(Images for object localization)
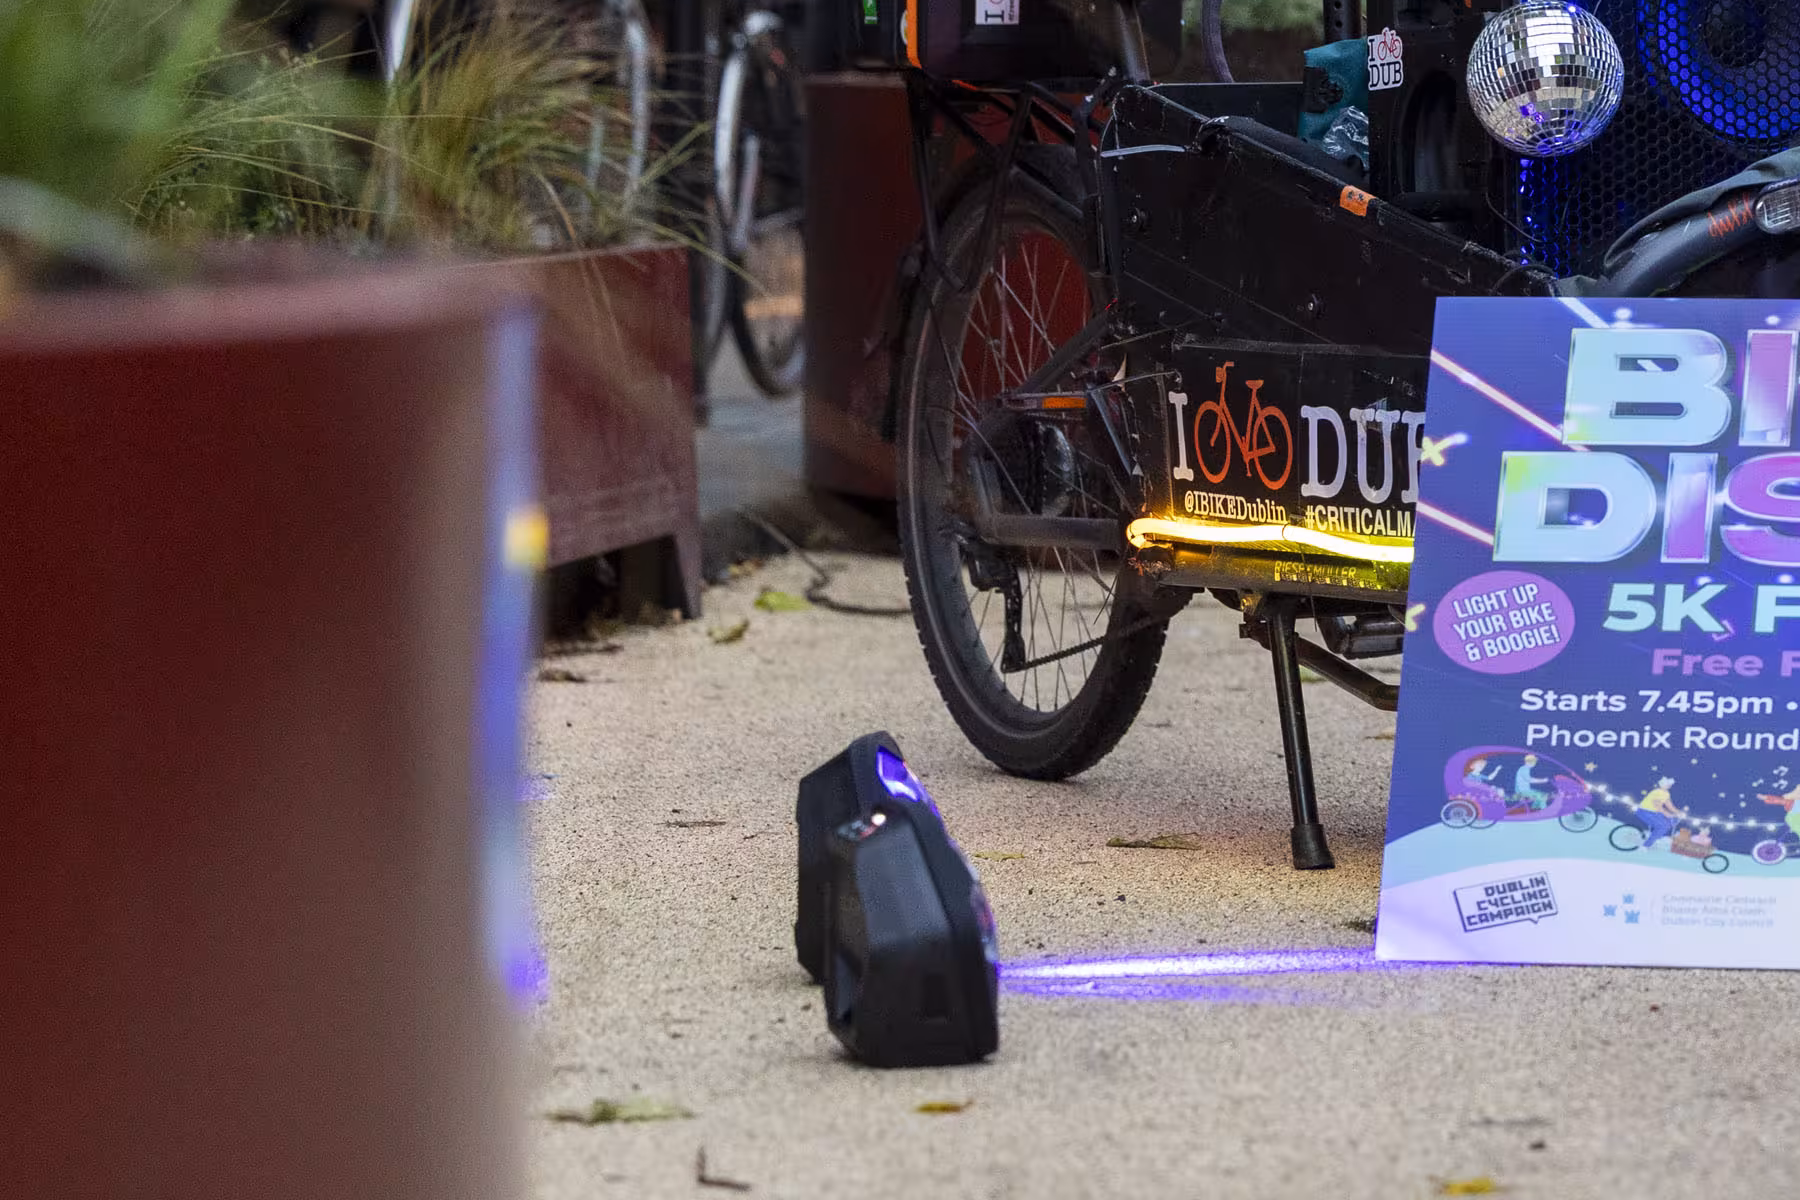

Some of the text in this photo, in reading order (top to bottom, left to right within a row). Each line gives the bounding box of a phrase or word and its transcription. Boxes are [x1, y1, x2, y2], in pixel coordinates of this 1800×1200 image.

[985, 10, 1005, 23] I
[1368, 39, 1376, 62] I
[1369, 61, 1402, 88] DUB
[1168, 391, 1194, 482] I
[1184, 490, 1289, 525] @IBIKEDublin
[1305, 504, 1416, 538] #CRITICALM
[1453, 583, 1539, 618] LIGHT UP
[1602, 582, 1729, 633] 5K
[1453, 602, 1557, 641] YOUR BIKE
[1465, 624, 1561, 662] & BOOGIE!
[1652, 648, 1764, 676] Free
[1520, 688, 1627, 712] Starts
[1638, 690, 1774, 718] 7.45pm
[1526, 723, 1672, 749] Phoenix
[1476, 888, 1550, 911] CYCLING
[1484, 876, 1547, 897] DUBLIN
[1466, 900, 1553, 926] CAMPAIGN

• **Exercise details**
Retype each entry precisely. Skip images entirely.

• **Result for this exercise**
Some of the text in this photo, in reading order (top to bottom, left to right within a row). Each line gives the bounding box of a phrase or word and its transcription. Boxes are [x1, y1, x2, y2], in pixel coordinates of this 1800×1200 image.

[985, 10, 1005, 23] I
[1368, 39, 1376, 62] I
[1369, 61, 1402, 88] DUB
[1168, 391, 1194, 482] I
[1184, 490, 1289, 525] @IBIKEDublin
[1305, 504, 1416, 538] #CRITICALM
[1453, 583, 1539, 618] LIGHT UP
[1602, 582, 1729, 633] 5K
[1453, 602, 1557, 641] YOUR BIKE
[1465, 624, 1561, 662] & BOOGIE!
[1652, 648, 1764, 676] Free
[1520, 688, 1627, 712] Starts
[1638, 690, 1774, 718] 7.45pm
[1526, 723, 1672, 749] Phoenix
[1476, 888, 1550, 911] CYCLING
[1484, 876, 1547, 897] DUBLIN
[1466, 900, 1553, 926] CAMPAIGN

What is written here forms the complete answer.